# pigon recognision



## couchy (Oct 27, 2011)

hello

im couchy prenounced as cowchy

im new here and this forum have helped about 2 weeks ago when i found a feral blue chequered pigeon that couldnt fly in the street, so i managed to catch her keep her warm because it was poring with rain and made sure she had food an water down her, i noticed her wing was flopping down so i binded her wing and kept in my house for a bit then in my shed for about 4 days, i tried getting her to fly she wouldnt but on the 3rd day ieverytime i took her out of the shed she flew back in which was funny at the time. but on the fourth day opened my shed door and got her out and she still flew back into the shed but when i left the door open she walked out then in then out and then she flew onto my roof and then she flew away, i was so happy that she was fit enough to fly from then on i couldnt find her

the only way if i did see her was because one of her tail feathers was missing and it was the middle one and she was quite thin and dull in plumage, also she had a broken back toe.

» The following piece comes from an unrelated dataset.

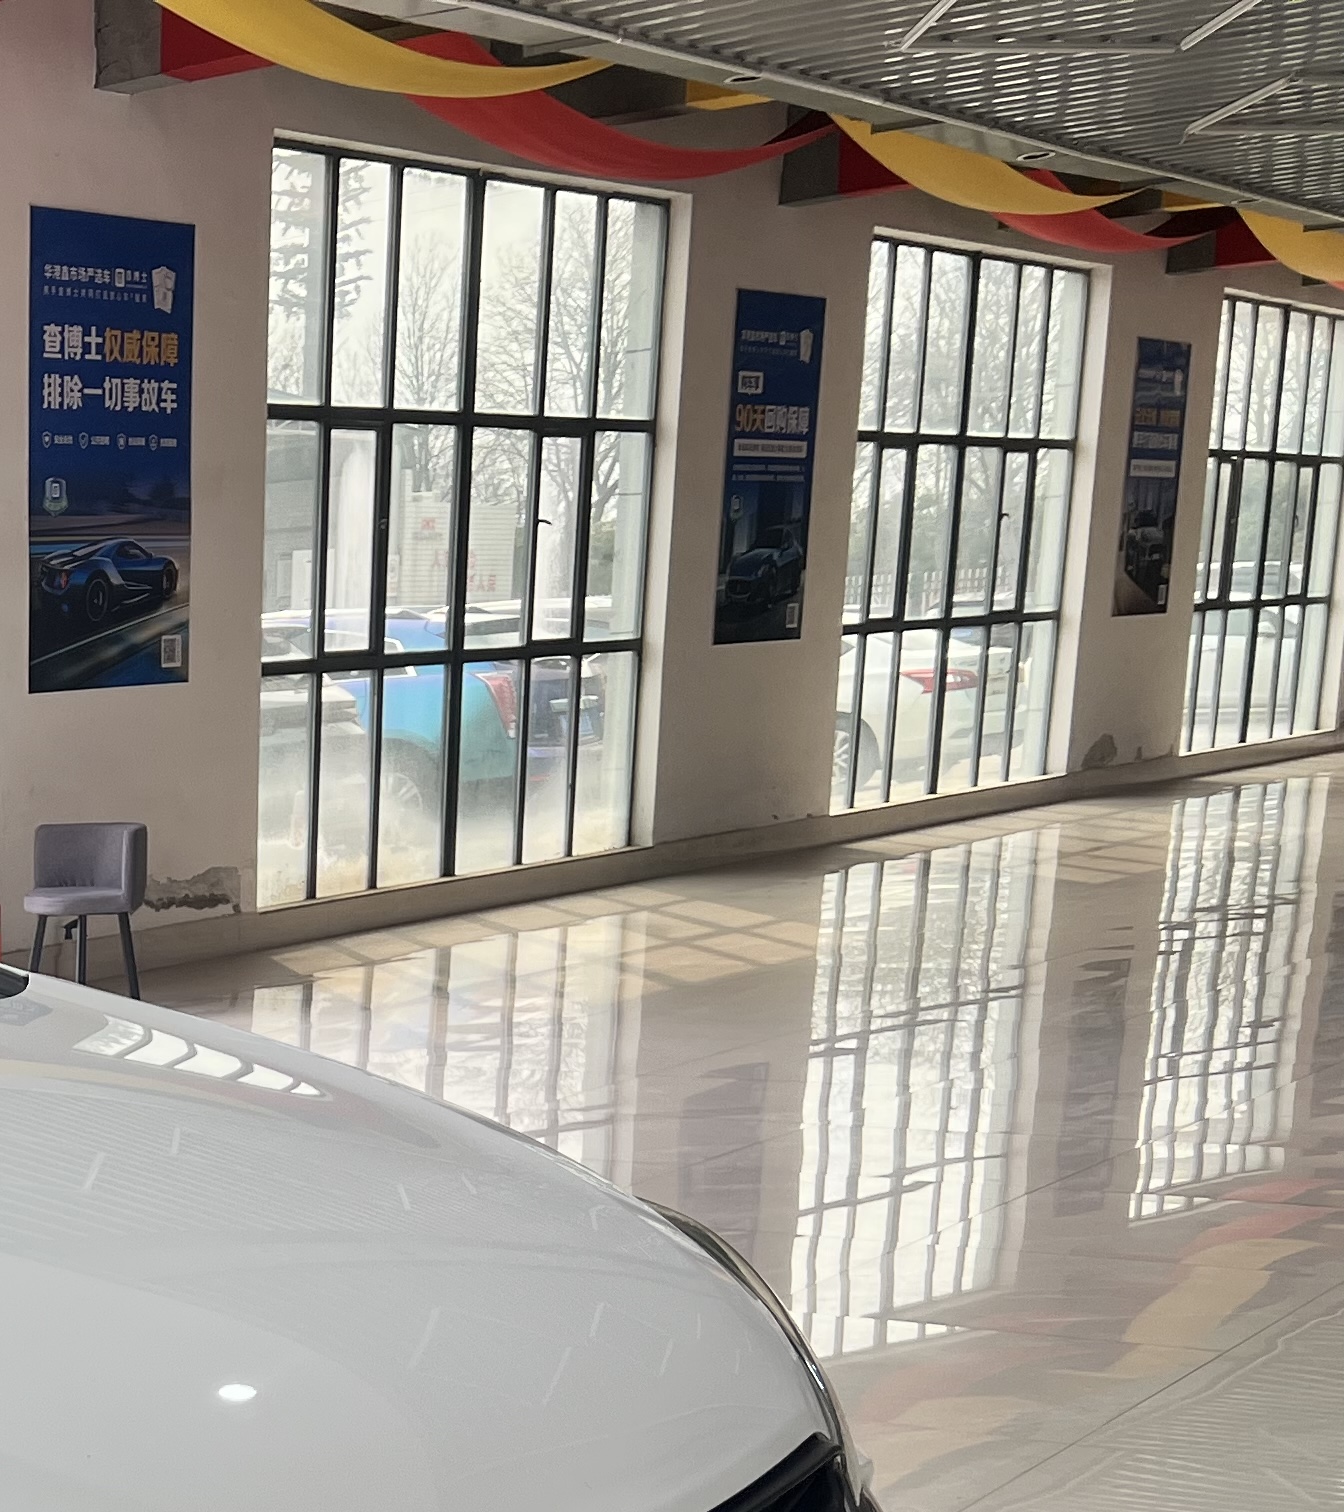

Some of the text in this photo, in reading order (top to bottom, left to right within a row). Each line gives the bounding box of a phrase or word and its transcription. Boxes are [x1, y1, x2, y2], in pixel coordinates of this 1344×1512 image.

[42, 323, 179, 367] 查博士权威保障
[42, 373, 178, 414] 排除一切事故车

anyways i found her on the 9th oct and she flew away on the 13th oct

and today a pigeon that looks like my one i rescued im just wondering could this be her or is it a differnt one the thing i did notice with this one it looked fat an all the tail feathers were there and this one did have a tidy big of plumage

the photos of the bird in the cage is the one i rescued and the other photos is the one i saw today.
can you tell if it is her and how long does the tail feathers grow back?


----------



## couchy (Oct 27, 2011)

here are more pix


----------



## couchy (Oct 27, 2011)

when i found her she was 6 miles away from where a rehabilitated her

what do u think


----------



## Quazar (Jul 27, 2010)

very difficult to tell as a lot of ferals have very similar markings.
Normally new tail feathers will take about 3 to 6 weeks to come in, that is if the whole feather is removed first, otherwise they wont start to grow till the bird removes the damaged feather or it moults out naturally.
Pigeons are continually cleaning & preening their tails so it is possible the damaged ones have been removed, but 2 weeks isnt really long enough for them to grow back fully.
Also, looking at the last 2 pics again, there is a "split" in the middle between the tail feathers so it is possible it could be the same bird.
6 miles is not a geat deal of distance for a feral to travel, and if it was released away from its home habitat, but still close enough, it may well try to find its own way back. The place you found it originally was probably just one of its foraging haunts, so not nessessarilly its home habitat either.


----------



## John_D (Jan 24, 2002)

As Bob says, some are pretty similar to each other. I don't think in this case it's the same bird, though. The markings have differences, and I believe the iridescence is better grown in with the 'wild' bird. I'd say the 'wild' one is overall bigger and heavier, too.


----------



## boneyrajan.k (Jul 15, 2010)

Cute feral


----------



## couchy (Oct 27, 2011)

ok thank you ill keep an eye out so if i do see one thats simular to mine with the mille whole feather missing from its tail, it could be?


either way im just glad she is flying and hopefully put on a bit of weight because when i had her she was badly uderweight her breas bone was kinda sticking out


----------



## amyable (Jul 7, 2007)

Hi,

my first reaction is that it's not the same pigeon from comparing the feathering. In saying that the one in the first pictures looks like a youngster and they do tend to change in the depth of colour as they mature..so ???
Not sure. They're both lovely looking birds anyway.

You did well helping out the little one all the same. It's great to see them fly off after having been found injured.

I'm sure you'll come across more in need of help now you've got the eye for it.

Thanks for what you did,

Janet


----------